Stored data entries
━━━━━━━━
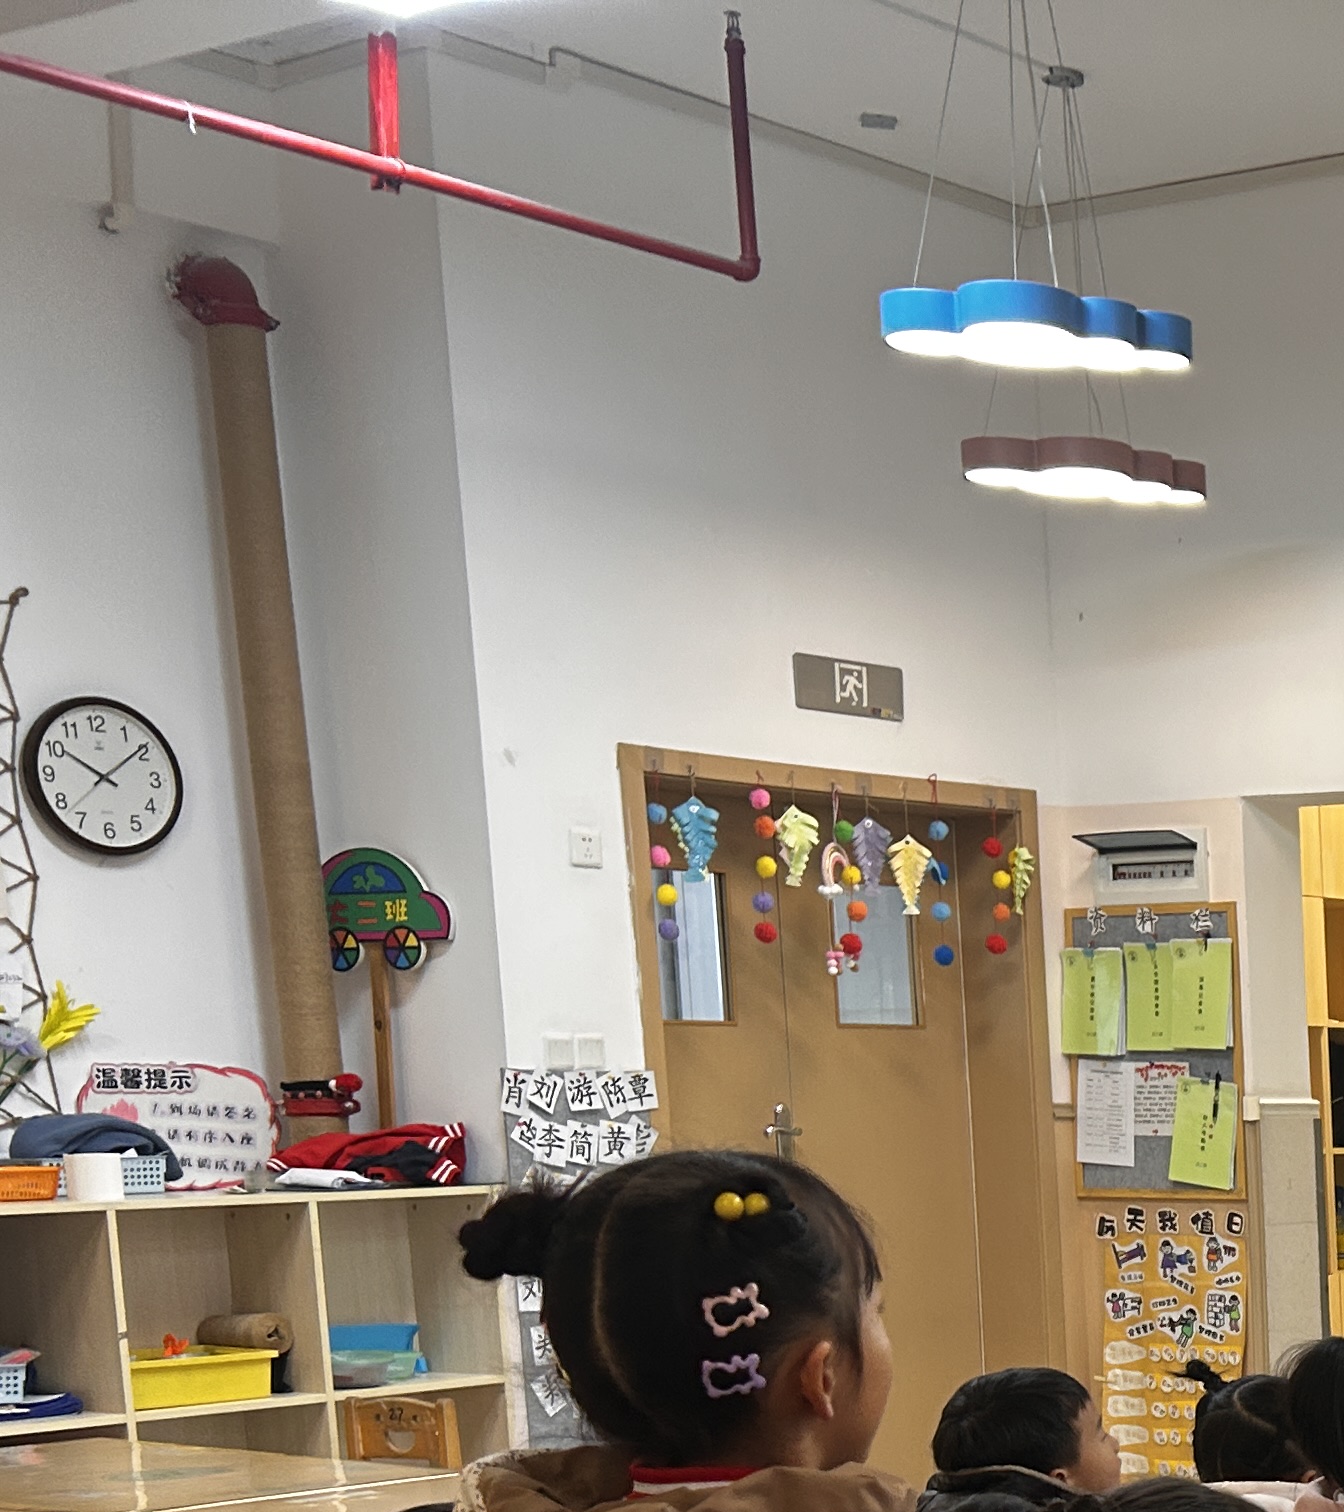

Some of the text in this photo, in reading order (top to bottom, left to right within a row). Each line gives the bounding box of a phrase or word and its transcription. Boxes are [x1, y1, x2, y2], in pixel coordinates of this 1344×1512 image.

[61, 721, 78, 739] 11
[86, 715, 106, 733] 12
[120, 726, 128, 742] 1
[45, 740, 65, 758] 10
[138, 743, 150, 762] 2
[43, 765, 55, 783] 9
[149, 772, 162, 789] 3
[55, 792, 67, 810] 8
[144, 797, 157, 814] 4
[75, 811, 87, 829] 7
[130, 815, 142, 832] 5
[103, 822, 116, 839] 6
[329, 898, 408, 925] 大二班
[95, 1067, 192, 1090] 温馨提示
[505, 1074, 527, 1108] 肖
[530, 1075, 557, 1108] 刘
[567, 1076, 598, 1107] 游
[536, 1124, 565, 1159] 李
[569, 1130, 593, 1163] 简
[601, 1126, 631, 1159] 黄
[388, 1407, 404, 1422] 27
━━━━━━━━
Your task>
Take the entries above and set them down exactly, minus the pictures.

Output>
Some of the text in this photo, in reading order (top to bottom, left to right within a row). Each line gives the bounding box of a phrase or word and its transcription. Boxes are [x1, y1, x2, y2], in pixel coordinates of this 1344×1512 image.

[61, 721, 78, 739] 11
[86, 715, 106, 733] 12
[120, 726, 128, 742] 1
[45, 740, 65, 758] 10
[138, 743, 150, 762] 2
[43, 765, 55, 783] 9
[149, 772, 162, 789] 3
[55, 792, 67, 810] 8
[144, 797, 157, 814] 4
[75, 811, 87, 829] 7
[130, 815, 142, 832] 5
[103, 822, 116, 839] 6
[329, 898, 408, 925] 大二班
[95, 1067, 192, 1090] 温馨提示
[505, 1074, 527, 1108] 肖
[530, 1075, 557, 1108] 刘
[567, 1076, 598, 1107] 游
[536, 1124, 565, 1159] 李
[569, 1130, 593, 1163] 简
[601, 1126, 631, 1159] 黄
[388, 1407, 404, 1422] 27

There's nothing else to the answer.